I solemnly warn the world that, while courage is the first virtue of the Magician, presumptuous and reckless rashness has no more connection with it than a caricature of the ex-Kaiser with Julius Caesar. It is composed partly of sham pride prompted by self-love and self-doubt; partly by the insane impulse which the extremity of fear excites. There are plenty of V.C.'s who won the cross, not "for valour", but for lack of self-control over their crisis of cowardice. Discipline automatically made running away impossible; the only way out was to rush forward and do whatever their innate instinct suggested. I know two V.C.'s myself who have no memory whatever of the act that won them the cross.

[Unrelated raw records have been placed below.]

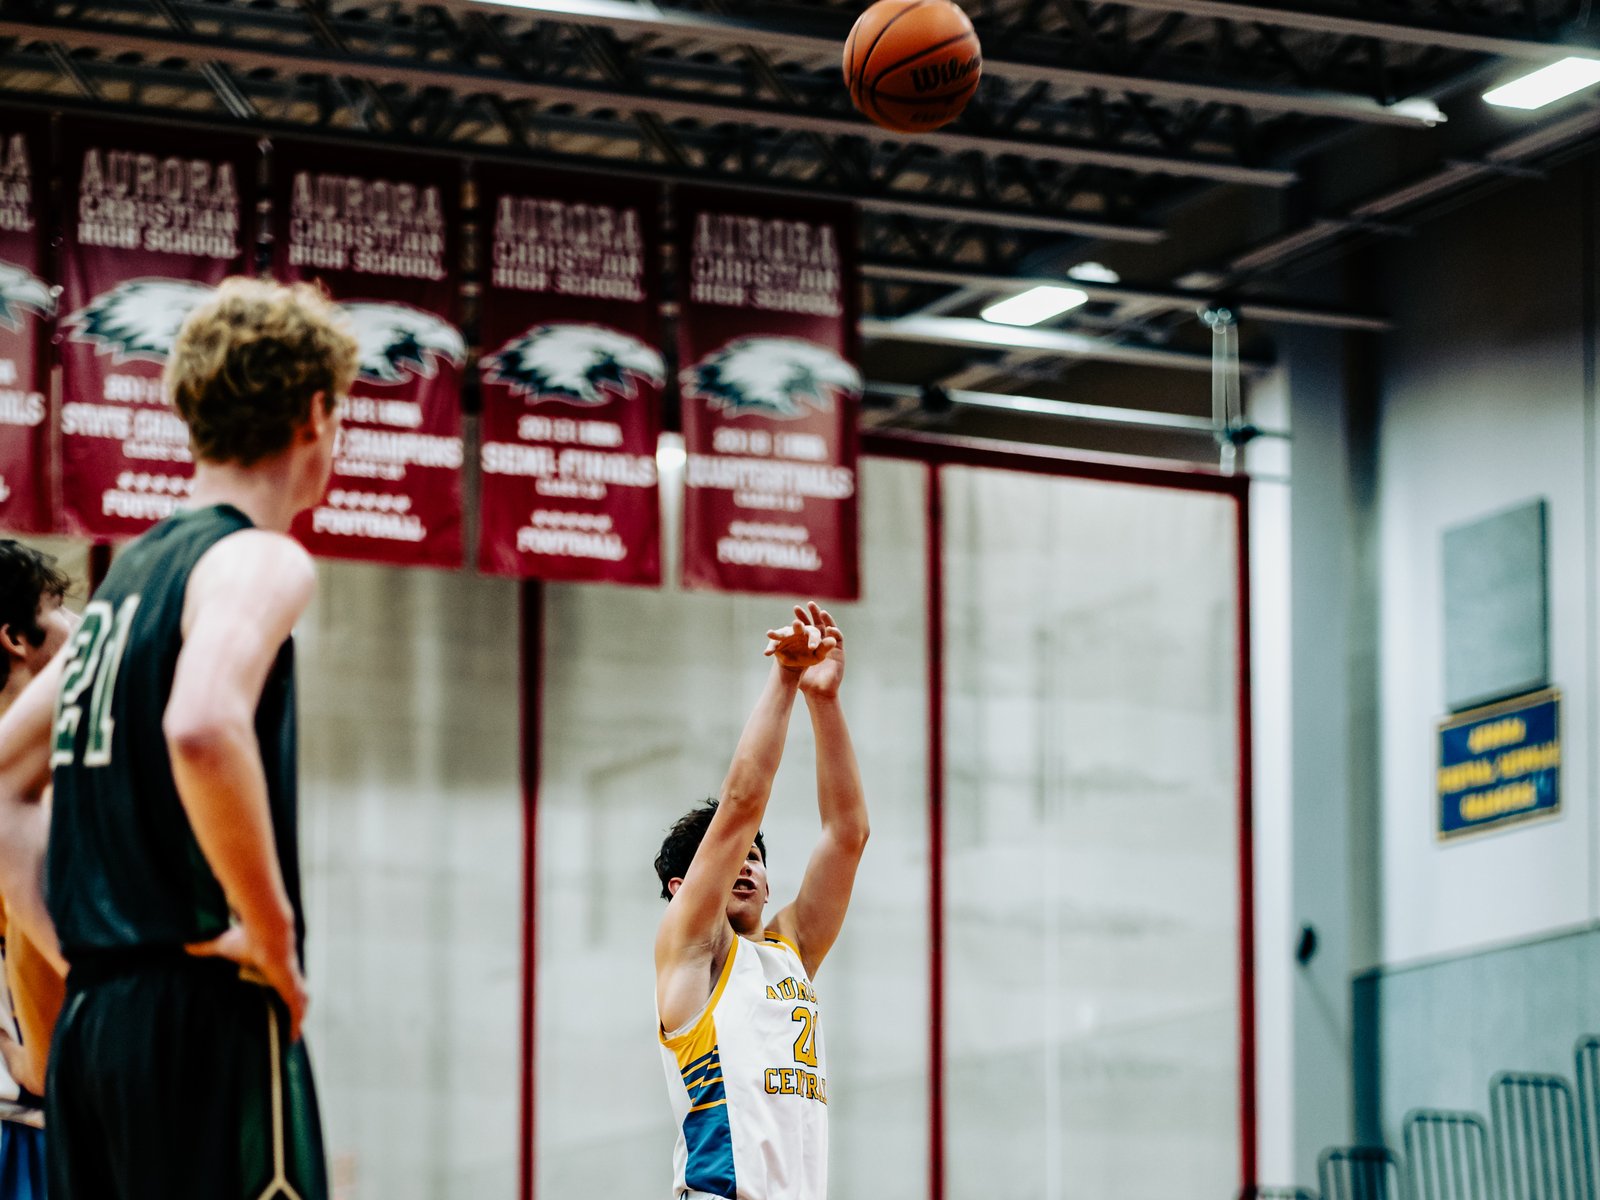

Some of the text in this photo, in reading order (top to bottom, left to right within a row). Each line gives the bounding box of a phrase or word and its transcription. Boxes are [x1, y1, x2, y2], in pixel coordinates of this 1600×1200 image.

[81, 149, 239, 207] AURORA
[291, 172, 443, 231] AURORA
[80, 194, 239, 232] CHRISTIAN
[495, 196, 642, 251] AURORA
[78, 223, 241, 259] HIGH SCHOOL
[290, 217, 445, 258] CHRISTIAN
[288, 243, 447, 281] HIGH SCHOOL
[49, 593, 141, 768] 21
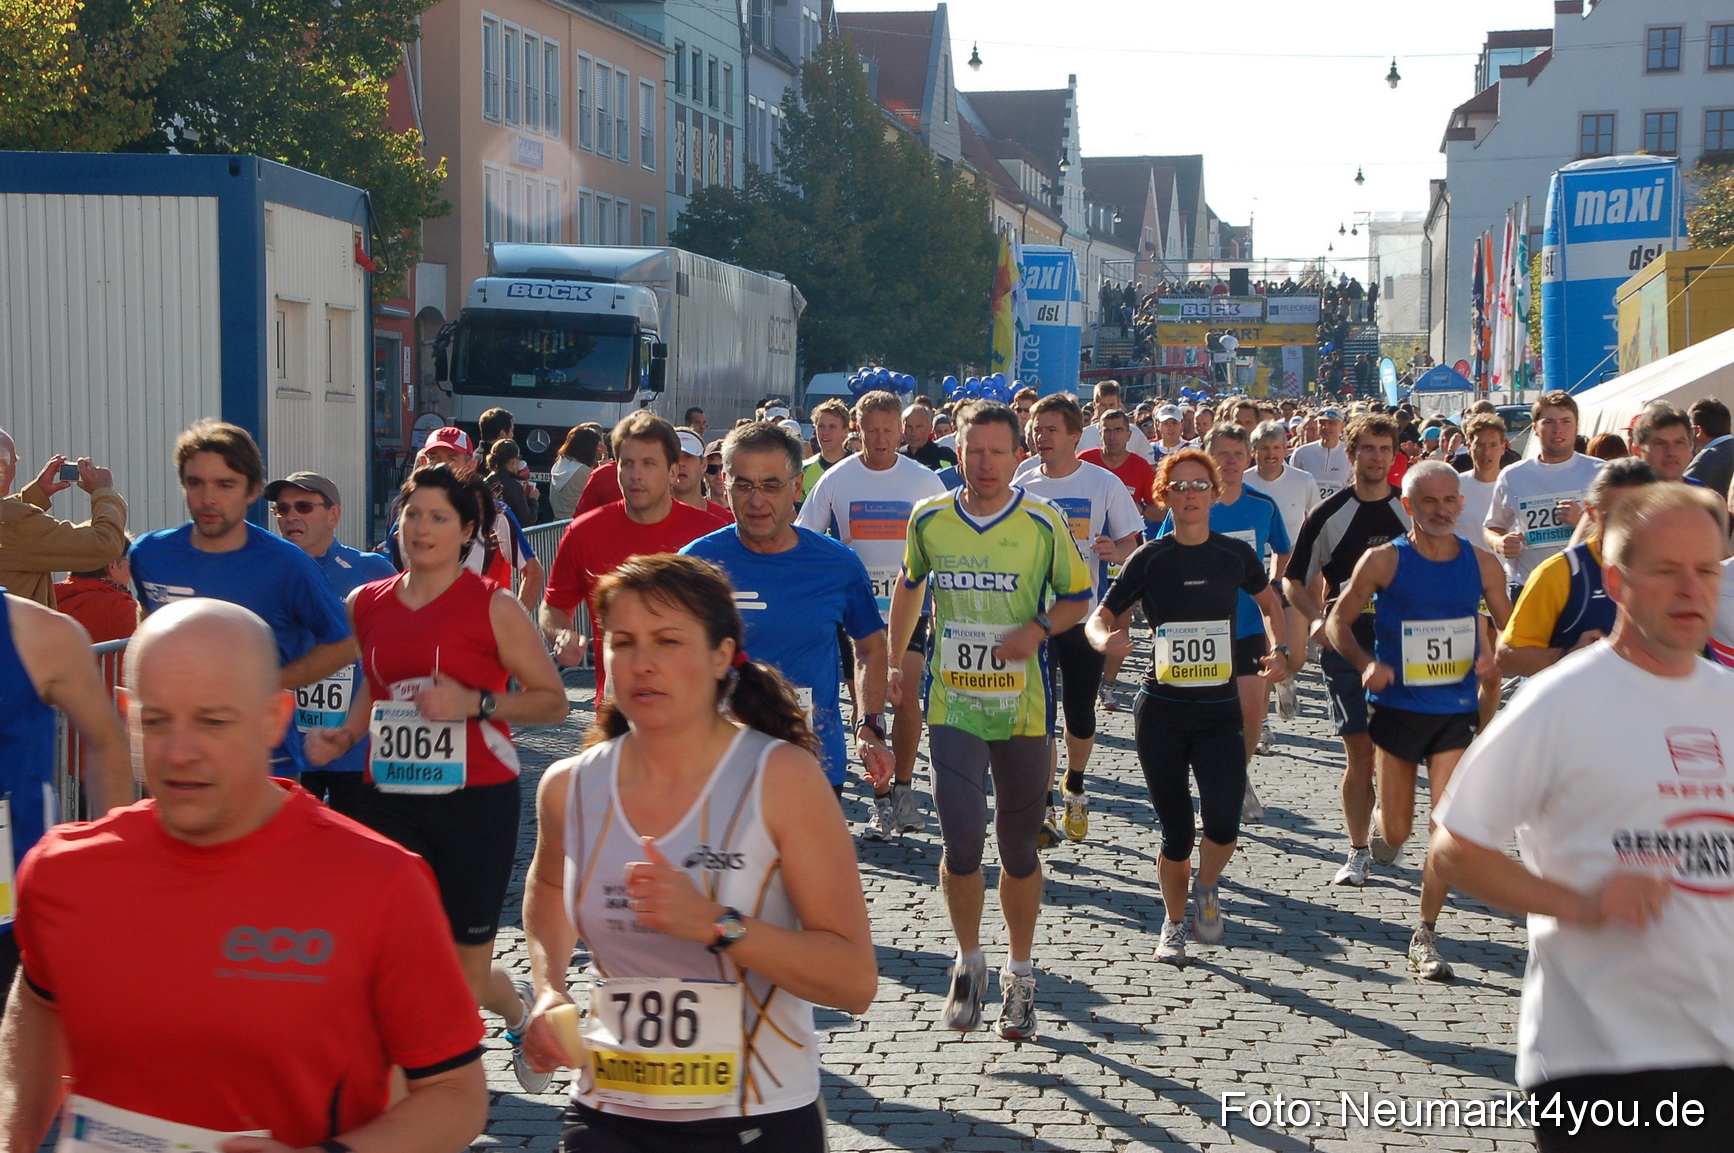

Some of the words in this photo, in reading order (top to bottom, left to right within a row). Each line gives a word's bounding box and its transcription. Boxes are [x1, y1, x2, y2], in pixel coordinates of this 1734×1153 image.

[1574, 178, 1665, 226] maxi
[1024, 261, 1064, 290] axi
[507, 283, 593, 301] BOCK
[1037, 304, 1060, 322] dsl
[1181, 303, 1241, 316] BOCK
[1280, 304, 1317, 313] PFLEIDERER
[935, 555, 989, 568] TEAM
[937, 571, 1019, 592] BOCK
[952, 629, 986, 638] PFLEIDERER
[1172, 638, 1216, 664] 509
[1427, 636, 1452, 661] 51
[1171, 664, 1218, 679] Gerlind
[1427, 661, 1456, 676] Willi
[951, 672, 1015, 688] Friedrich
[300, 711, 323, 726] Karl
[380, 724, 454, 760] 3064
[386, 762, 443, 781] Andrea
[224, 925, 336, 966] eco
[611, 989, 699, 1048] 786
[594, 1052, 732, 1086] Annemarie

Similar psychology often makes young Magicians forget that to dare must be backed by to will and to know, all three being ruled by to keep silence. Which last means many things, but most of all so to control oneself that every act is done noiselessly; all disturbance means clumsiness or blundering. The soldier may happen not to be hit as he carries his wounded comrade through the barrage, but there is no luck in Magick. We work in a fluid world, where every moment is compensated at once. Light, sound and electricity may be shut out, and so the effects of human thought, speech and action may divert or delay their action, but Magick, like gravitation, knows no obstacle. It is true that one can lift a fallen flower from the floor and keep it on a table; but the forces are at work all the time, and the action has been completely compensated by the redistribution of the stresses on every material object in the whole universe, by the shifting of the centre of gravity of the cosmos, as my muscles sway from one state of equilibrium to another, and the flower exerts its energies from the mahogany instead of the carpet.

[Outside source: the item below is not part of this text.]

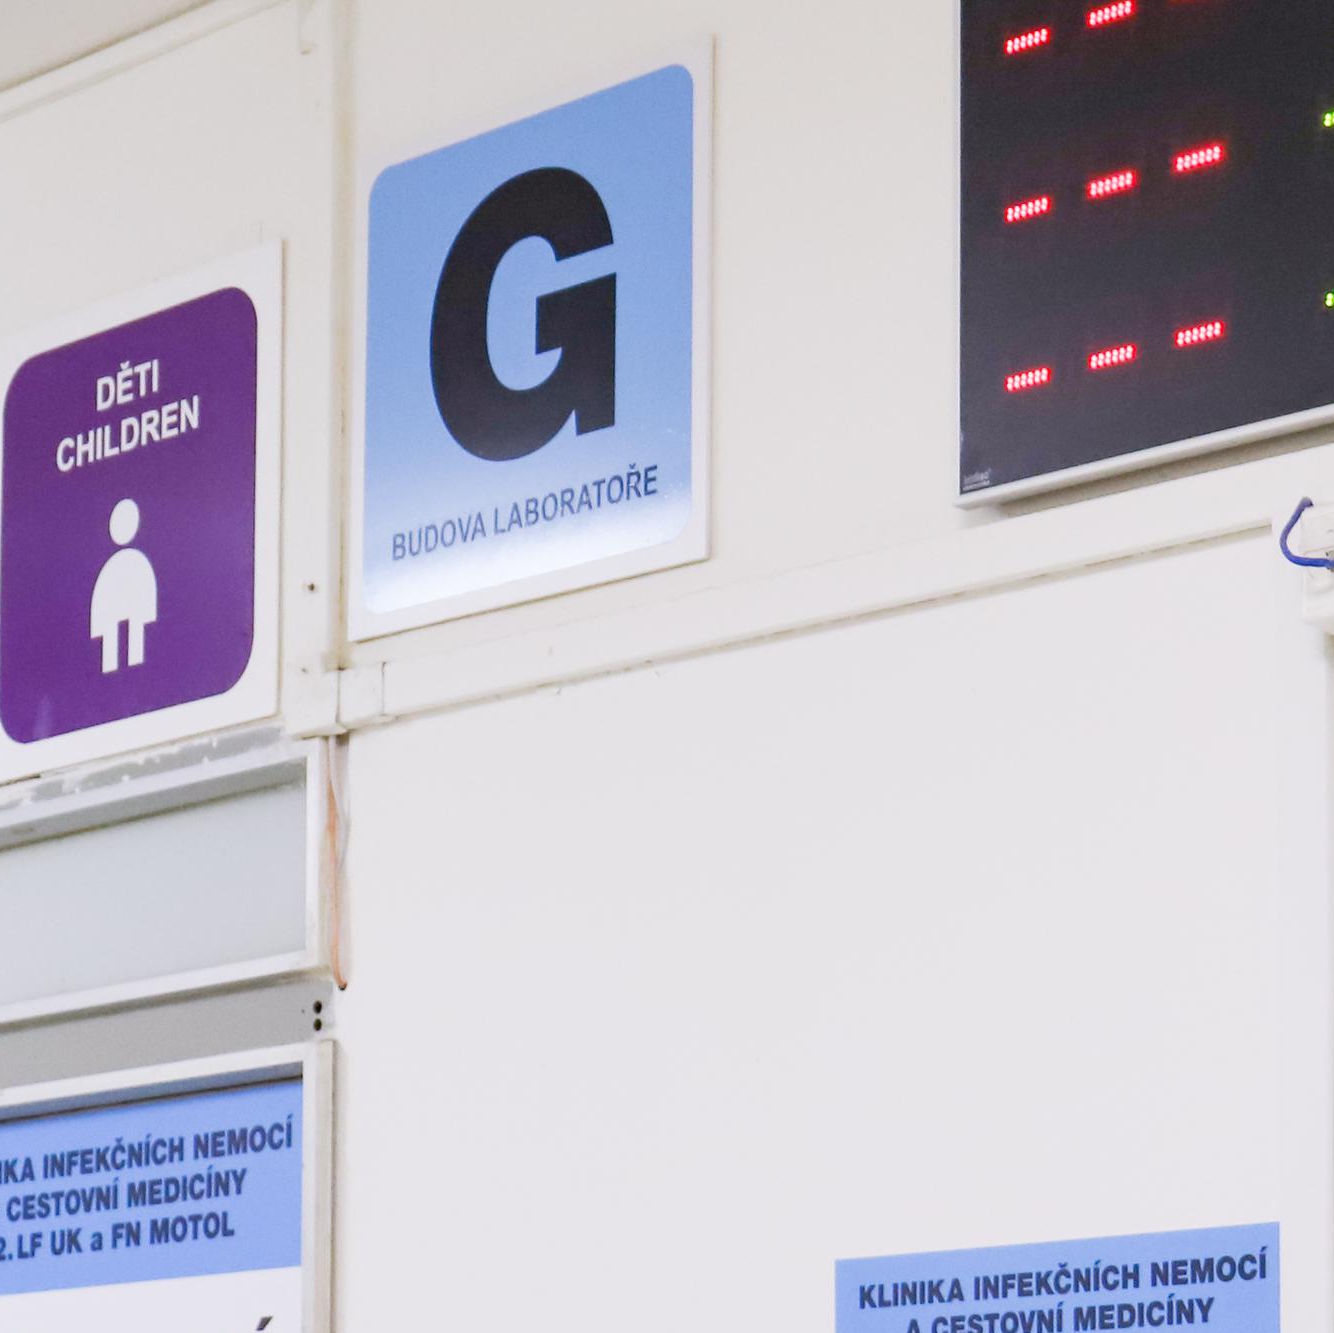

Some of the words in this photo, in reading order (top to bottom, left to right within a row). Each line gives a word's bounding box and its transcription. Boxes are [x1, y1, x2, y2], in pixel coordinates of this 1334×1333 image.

Presumption in Magick is, therefore, sure to be punished --- swiftly and justly. The error is one of the worst because it attracts all these forces which, being themselves weak, are made malignant by pain and find their principal solace in taking it out of anyone they feel they can bully. Worse still, the hysterical expansion of the ego means the deepest possible treason to truth. It invites obsession by every deceitful demon. They puff up the pride of the fool still further; they flatter every foible, exhort him to acts of the most ridiculous kind, induce him to talk the most raving rubbish and teach him to think himself the greatest man in the world --- nay, not a man, but a god. He scores every fiasco as a success, takes every trifle as a token either of his sacrosanct sovereignty or of the malice of hell whose hounds have been mustered to martyr him. His megalomania swings from maniacal exaltation to melancholia, with delusions of persecution.

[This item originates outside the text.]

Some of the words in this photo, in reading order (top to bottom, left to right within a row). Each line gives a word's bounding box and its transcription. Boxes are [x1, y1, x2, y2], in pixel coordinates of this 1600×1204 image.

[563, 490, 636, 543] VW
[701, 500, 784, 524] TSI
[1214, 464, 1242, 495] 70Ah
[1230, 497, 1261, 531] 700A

I have seen several cases of exactly this kind caused by so seemingly trivial a mistake as carelessness in consecrating the Circle for an evocation of an inferior spirit; claiming a Grade in the Order without having made sure of having passed every test perfectly at every point; presuming to instruct a probationer in his work before becoming a neophyte; omitting essential points of ritual as troublesome formalities; or even making excuses for error of the kind by which a man persuades himself that his faults are really due to the excess of his merits.